TechCrunch US has got the story on LastFM’s news business model (it appears to have been released on a US media schedule). The gist is that the CBS-owned service will now allow you to stream the full track of any song up to three times for free, in addition to the famed music-discovery service which streams related songs you might like in a random order. After the three plays a popup asks you to pay a subscription to get unlimited playback, presumably using an IP address and cookies to identify users who are not logged in. But the key point is this: go to the site, type in the artist and press play. It looks like Pandora is in trouble then, not least because you can’t officially access it from Europe.
Last.fm has signed deals with all four major record labels and 150,000 independents to stream their tracks in the US, UK, and Germany, with other countries coming soon. Artists and music labels will get ongoing royalties (details not released) based on how many times each song is listened to. So this is a pay-for-performance model, closer the ‘pay for live’ model (as in, go see a show in real life and pay for it) which is the only real way music is thriving right now. Un-signed artists can even upload their music and join the site. The site is also rumoured to be looking at the same model for video.

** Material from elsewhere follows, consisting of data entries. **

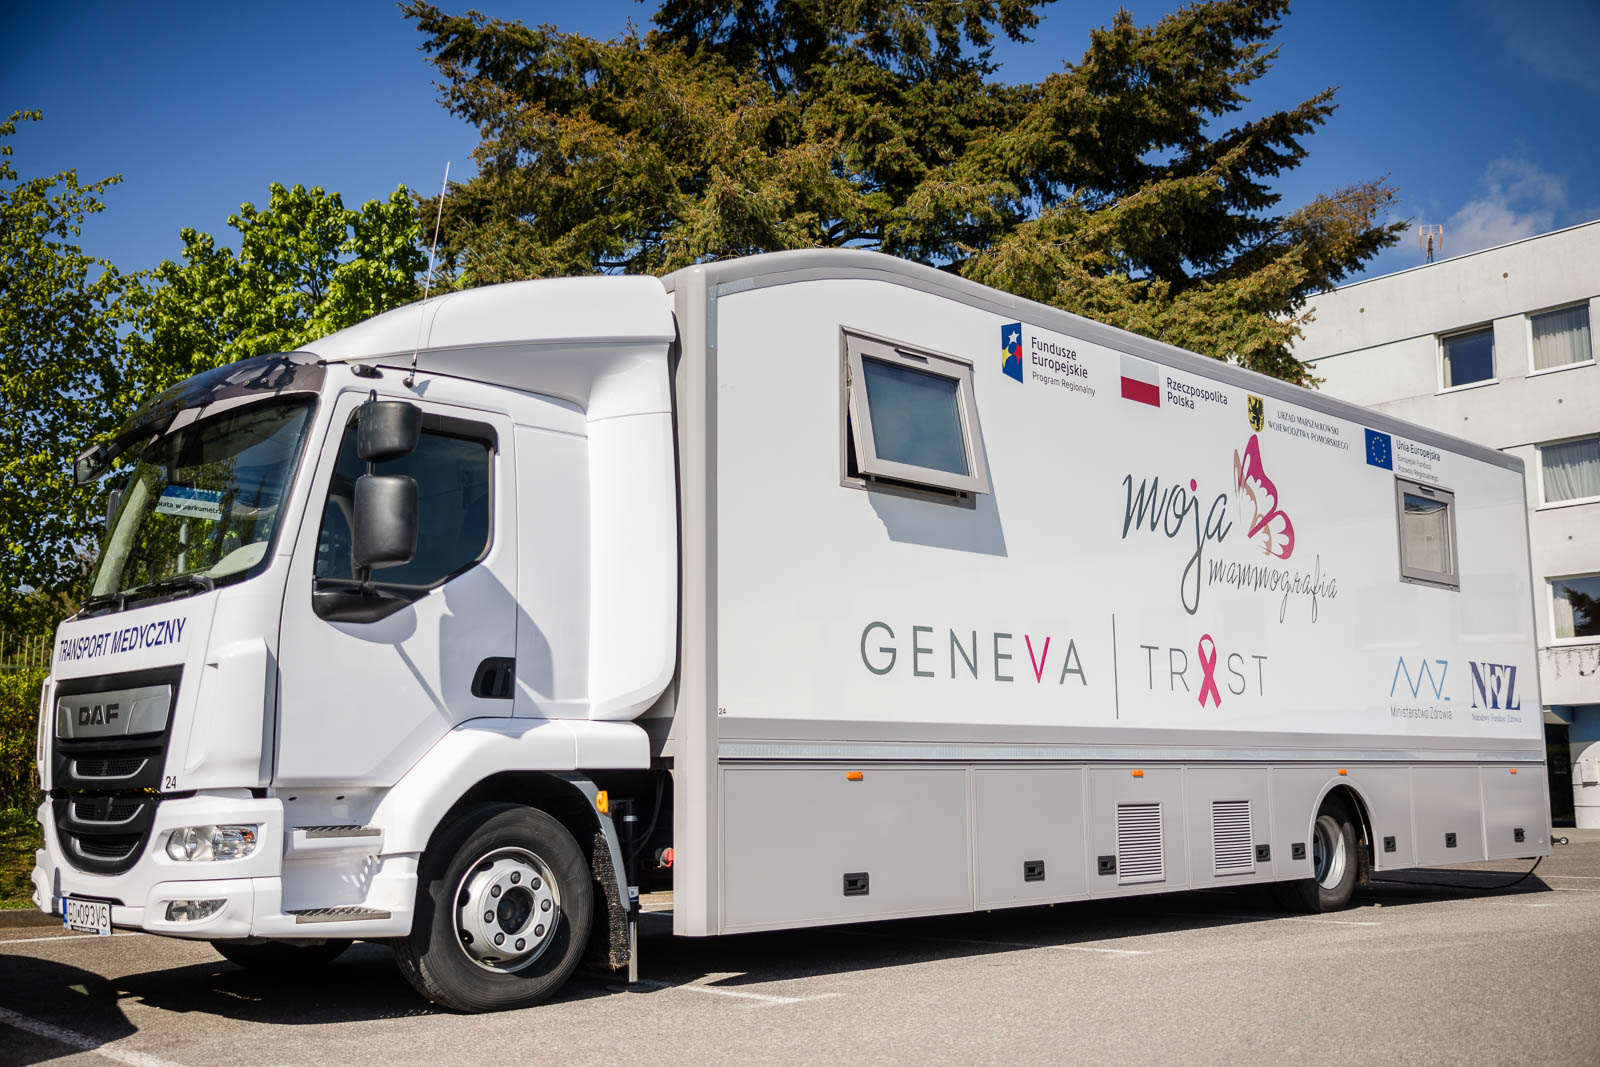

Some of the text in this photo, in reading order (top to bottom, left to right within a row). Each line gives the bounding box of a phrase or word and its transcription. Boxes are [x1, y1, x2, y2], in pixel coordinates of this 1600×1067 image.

[1031, 337, 1077, 361] Fundusze
[1032, 352, 1088, 379] Europejskie
[1032, 371, 1096, 398] Program Regionalny
[1166, 377, 1228, 406] Rzeczpospolita
[1167, 394, 1195, 410] Polska
[1311, 433, 1349, 451] POMORSKIEGO
[1396, 439, 1441, 461] Unia Europejska
[1208, 553, 1338, 623] mammografia
[58, 617, 187, 662] TRANSPORT MEDYCZNY
[860, 621, 1088, 686] GENEVA
[1468, 661, 1521, 711] NFZ
[78, 703, 120, 726] DAF
[718, 707, 727, 715] 24
[1390, 706, 1452, 720] Ministerstwo Zdrowia
[165, 775, 177, 789] 24

As TechCrunch’s Erick Schonfeld says:
Music needs to be sampled before most people want to buy it. The current Web industry norm of the 30-second clip just won’t cut it anymore. Perhaps Last.fm will help to set a new precedent here with limited full-track streams. It might be difficult for iTunes or Amazon to abandon the 30-second preview, however, because neither one has an ongoing revenue stream from advertising or subscriptions with which to pay an ongoing royalty. At least, not yet.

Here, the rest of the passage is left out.